Build a URL from its parts. The only difference from the pydantic implementation is that we allow missing scheme, making it possible to pass a file path without prefix.

Source code in docarray/typing/url/any_url.py
@classmethod
def build(
    cls,
    *,
    scheme: str,
    user: Optional[str] = None,
    password: Optional[str] = None,
    host: str,
    port: Optional[str] = None,
    path: Optional[str] = None,
    query: Optional[str] = None,
    fragment: Optional[str] = None,
    **_kwargs: str,
) -> str:
    """
    Build a URL from its parts.
    The only difference from the pydantic implementation is that we allow
    missing `scheme`, making it possible to pass a file path without prefix.
    """

    # allow missing scheme, unlike pydantic
    scheme_ = scheme if scheme is not None else ''
    url = super().build(
        scheme=scheme_,
        user=user,
        password=password,
        host=host,
        port=port,
        path=path,
        query=query,
        fragment=fragment,
        **_kwargs,
    )
    if scheme is None and url.startswith('://'):
        # remove the `://` prefix, since scheme is missing
        url = url[3:]
    return url
extra_extensions() classmethod

Returns a list of allowed file extensions for the class that are not covered by the mimetypes library.
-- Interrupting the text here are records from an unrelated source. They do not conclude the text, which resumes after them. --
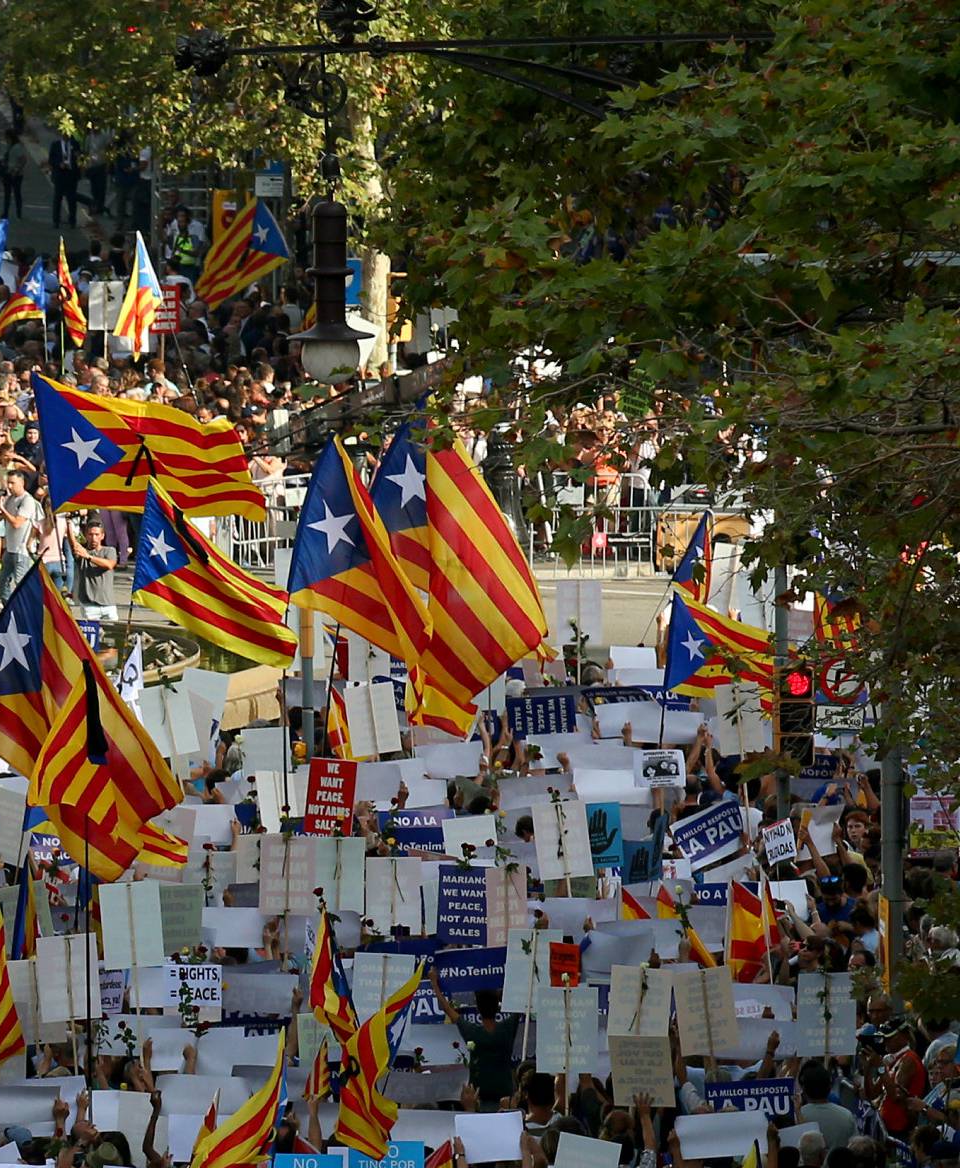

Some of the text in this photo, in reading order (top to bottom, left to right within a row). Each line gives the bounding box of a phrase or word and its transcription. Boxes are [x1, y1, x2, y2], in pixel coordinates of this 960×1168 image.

[525, 714, 533, 734] ARM
[327, 763, 340, 774] WE
[320, 777, 344, 789] WANT
[307, 804, 325, 816] NOT
[314, 819, 342, 831] SALE
[393, 816, 437, 827] NO A LA
[682, 807, 739, 839] MILLOR RESPOSTA
[706, 814, 744, 846] PAU
[42, 837, 60, 847] NO
[397, 841, 445, 852] NoTenim
[443, 888, 458, 898] WE
[713, 890, 722, 899] A
[448, 902, 484, 912] PEACE,
[440, 915, 460, 923] NOT
[448, 928, 481, 937] SALES
[440, 964, 507, 979] #NoTenim
[708, 1086, 789, 1098] LA MILLOR RESPOSTA
[743, 1095, 790, 1116] PAU
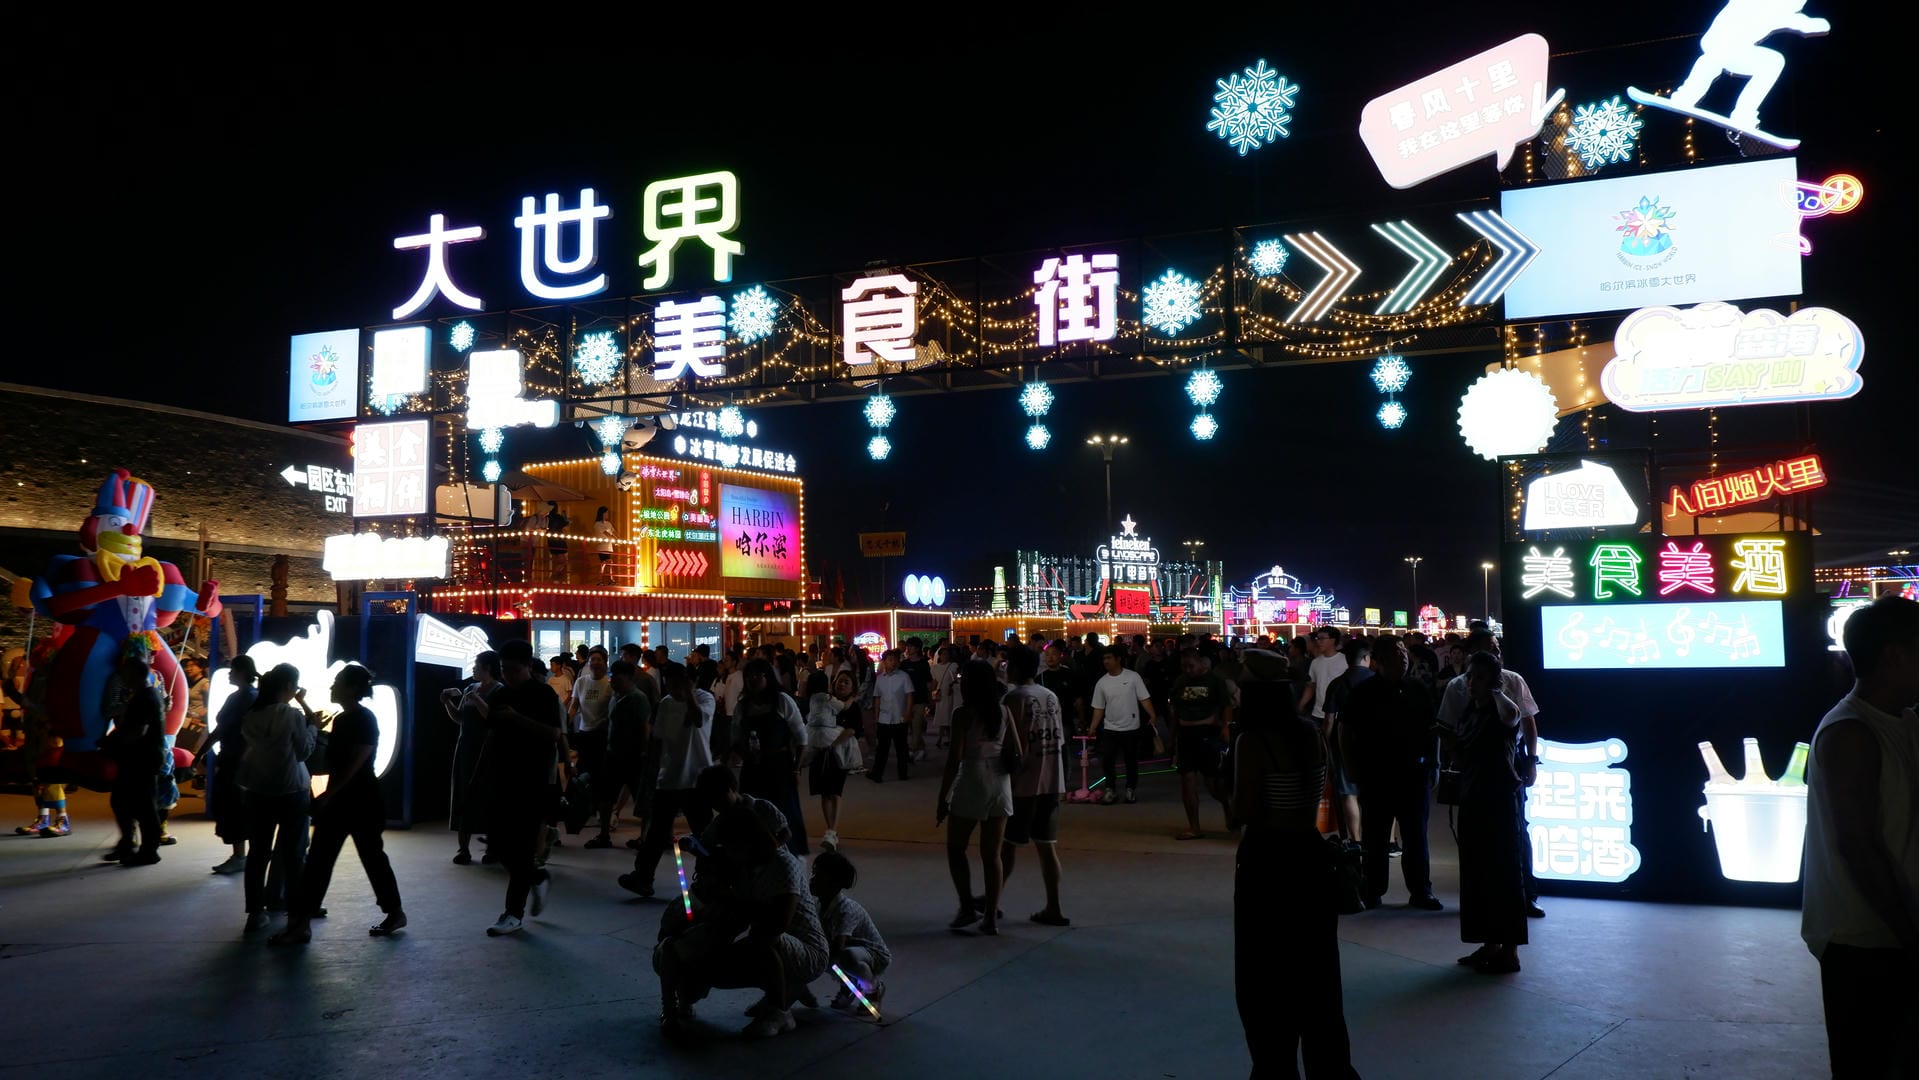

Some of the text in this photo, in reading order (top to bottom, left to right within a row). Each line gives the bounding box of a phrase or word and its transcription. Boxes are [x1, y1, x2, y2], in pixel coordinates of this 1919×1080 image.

[1388, 58, 1519, 133] 春风十里
[1396, 93, 1526, 160] 我在这里等你
[393, 171, 745, 320] 大世界
[654, 254, 1119, 381] 美食街
[1705, 362, 1764, 389] SAY
[1770, 359, 1802, 387] HI
[358, 427, 423, 466] 美食
[690, 438, 797, 473] 冰雪发展促进会
[325, 496, 347, 514] EXIT
[1544, 497, 1605, 518] BEER
[1555, 483, 1605, 501] LOVE
[1666, 457, 1826, 519] 人间烟火里
[732, 506, 784, 529] HARBIN
[736, 530, 787, 559] 哈尔滨
[1522, 539, 1787, 599] 美食美酒
[1530, 771, 1627, 822] 起来
[1531, 826, 1634, 877] 哈酒
Source code in docarray/typing/url/any_url.py
@classmethod
def extra_extensions(cls) -> List[str]:
    """Returns a list of allowed file extensions for the class
    that are not covered by the mimetypes library."""
    raise NotImplementedError
from_protobuf(pb_msg) classmethod

Read url from a proto msg.

Parameters:

Name Type Description Default
pb_msg str
required

Returns:

Type Description
T

url

Source code in docarray/typing/url/any_url.py
@classmethod
def from_protobuf(cls: Type[T], pb_msg: 'str') -> T:
    """
    Read url from a proto msg.
    :param pb_msg:
    :return: url
    """
    return parse_obj_as(cls, pb_msg)
is_extension_allowed(value) classmethod

Check if the file extension of the URL is allowed for this class. First, it guesses the mime type of the file. If it fails to detect the mime type, it then checks the extra file extensions. Note: This method assumes that any URL without an extension is valid.

Parameters:

Name Type Description Default
value Any

The URL or file path.

required

Returns:

Type Description
bool

True if the extension is allowed, False otherwise

Source code in docarray/typing/url/any_url.py
@classmethod
def is_extension_allowed(cls, value: Any) -> bool:
    """
    Check if the file extension of the URL is allowed for this class.
    First, it guesses the mime type of the file. If it fails to detect the
    mime type, it then checks the extra file extensions.
    Note: This method assumes that any URL without an extension is valid.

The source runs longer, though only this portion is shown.